The AFP ethics code, for example, requires AFP members not to “engage in activities that harm the members’ organizations, clients or profession or knowingly bring the profession into disrepute,” and insists that solicitations be “accurate.” It doesn’t otherwise limit the kinds of solicitations that fundraisers can make or the language they use to invite donors to give. Members may not “disparage competitors” and must describe their organizations’ services truthfully, but they aren’t bound to restrict the use of stereotypes or biased language and metaphors in development communications.
By contrast, the Association for Healthcare Philanthropy’s professional conduct statement does include an explicit requirement that members respect “all individuals without regard to race, color, sex, religion, national origin, disability, age, or any other characteristic protected by applicable law.” However AHP members honor this rule in their routine choices, respect and revulsion cannot coexist, and only respect can nurture a culture in which the love of humankind becomes the air we breathe.

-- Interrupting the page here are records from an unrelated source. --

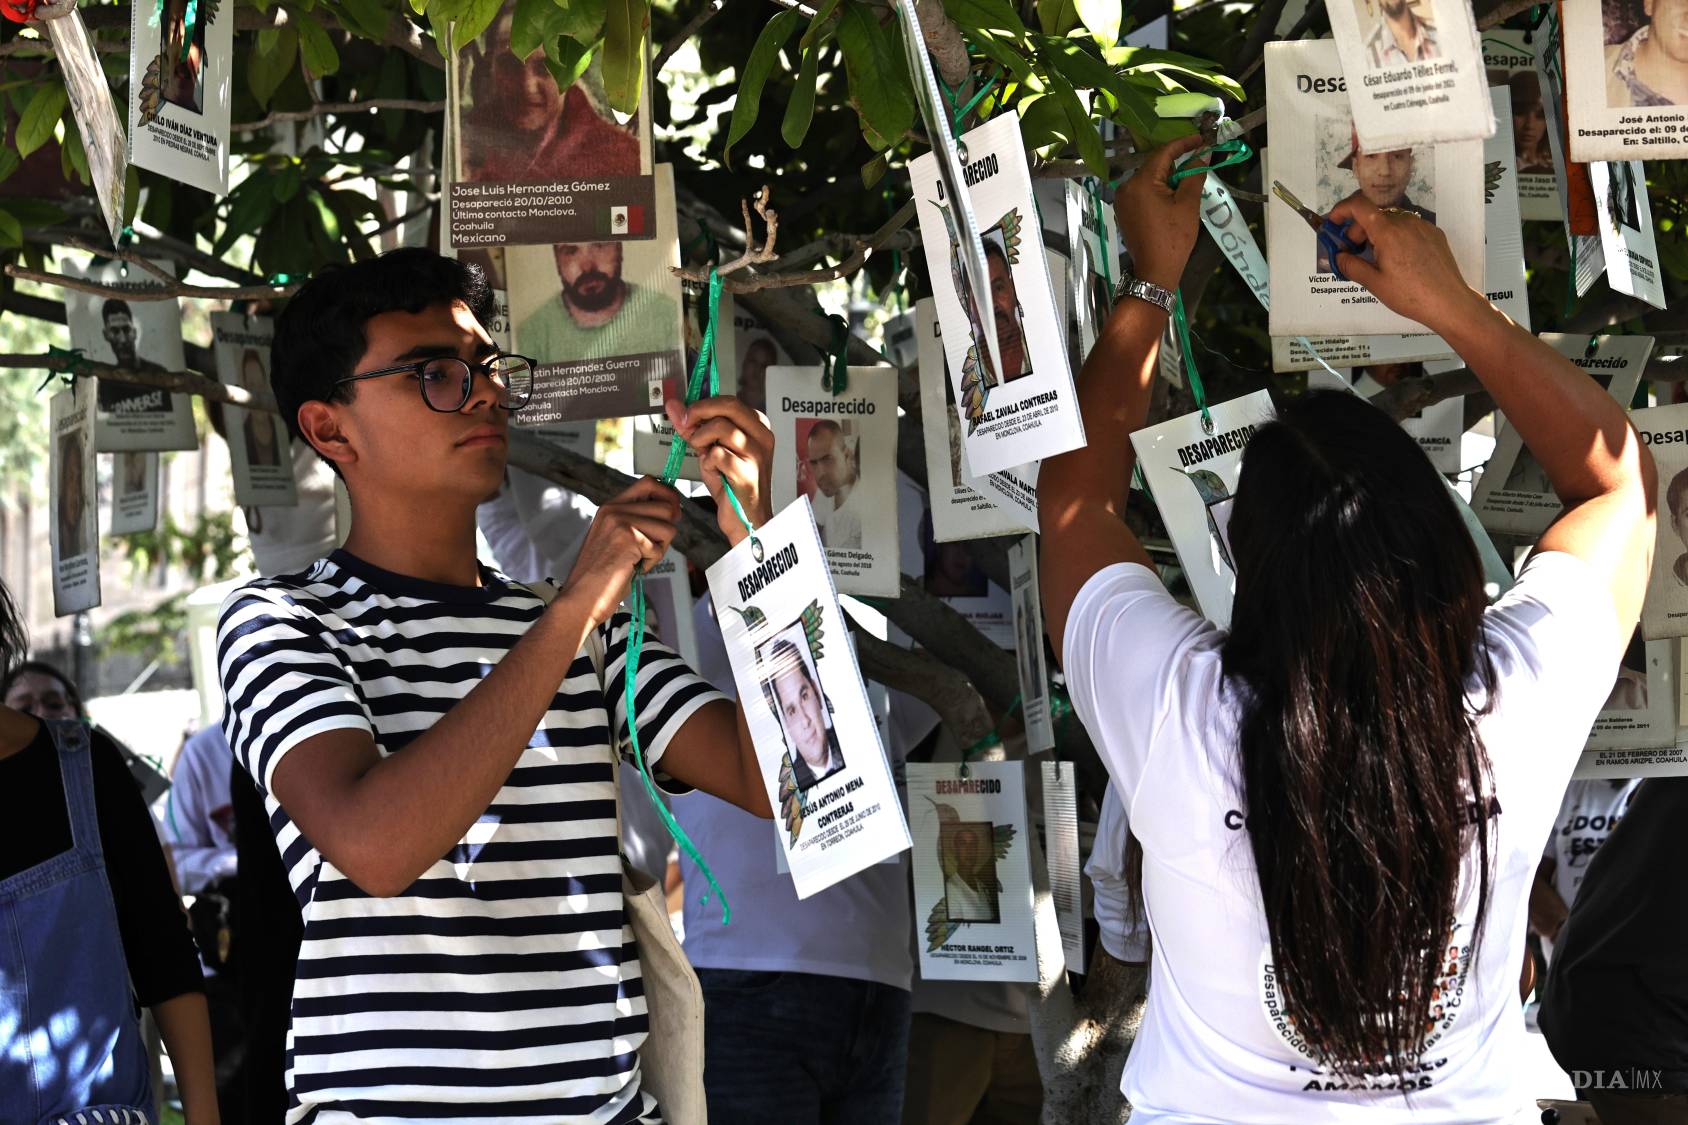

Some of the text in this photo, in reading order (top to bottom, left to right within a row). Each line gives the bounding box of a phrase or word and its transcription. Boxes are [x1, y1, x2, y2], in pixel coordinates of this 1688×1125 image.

[1619, 114, 1685, 124] José Antonio
[1578, 125, 1646, 138] Desaparecido
[1623, 136, 1680, 146] En: Saltillo,
[452, 180, 611, 197] Jose Luis Hernandez Gómez
[452, 196, 573, 209] Desapareció 20/10/2010
[452, 210, 484, 220] Último
[485, 209, 527, 218] contacto
[452, 222, 495, 231] Coahuila
[452, 234, 507, 243] Mexicano
[1308, 275, 1331, 283] Víctor
[1311, 285, 1358, 295] Desaparecido
[1351, 295, 1379, 304] Saltillo,
[1486, 291, 1514, 301] TEGUI
[552, 361, 604, 378] Hernandez
[605, 359, 641, 371] Guerra
[566, 373, 616, 385] 20/10/2010
[543, 387, 579, 399] contacto
[782, 397, 876, 416] Desaparecido
[995, 403, 1020, 419] ZAVALA
[1020, 390, 1058, 411] CONTRERAS
[517, 413, 562, 424] Mexicano
[738, 542, 799, 603] DESAPARECIDO
[1627, 750, 1658, 758] FEBRERO
[1606, 758, 1630, 766] RAMOS
[935, 779, 1002, 794] DESAPARECIDO
[818, 786, 846, 810] ANTONIO
[845, 776, 864, 794] MENA
[817, 801, 854, 829] CONTRERAS
[994, 946, 1014, 954] ORTIZ

When I looked at the distribution of small donations to large on the Indiegogo and GoFundMe sites I referred to at the start of this article, I noticed how many of these donations were small, one-time amounts: $10, $20, $50, $100, $200. Each federal election cycle, there’s excitement about the small donor’s power to combine with hundreds of thousands of other small donors and influence legislators through crowd force. Compare this more realistic analysis of Obama’s 2008 campaign income: Politico frets that the era of small contributions “appears to be ending before it ever fully took hold”.
I share Politico’s concern about mega-donors gaining disproportionate influence over the legislative process. Yet I’m not so cynical as to imagine that a culture of philanthropy can thrive without either the exceptionally wealthy or the exceptionally poor. A generous giving culture involves us all, no matter who we are, and no matter how much money we have to share. A generous giving culture also challenges us to reconsider our definitions of wealth as well as our implicit or explicit rules about who’s “deserving” enough to give and receive.
These rules aren’t set above our pay grade.
In the end, as specialists and as community members, we decide who may join us in our ideal world.
And only we can decide whether disgust is the best possible strategy we have for getting there.
1. This week, Andrews University president Dr. Niels-Erik Andreasen announced a new taskforce “to help us gain greater understanding of this problem [LGBT youth homelessness] and propose helpful responses to the needs of these young people.” The university is receiving comments on this at suggestions@andrews.edu.
Andreasen’s letter includes no timeline for the new study, for assessing proposals, or for implementing action.
2. Sam Dragga (Texas Tech University), one of the co-presenters at the CCCC 2015 panel I refer to here, supervised my doctoral research on the organizational structure, competing values, and government staff that influenced the British government’s case for war in Iraq in 2002.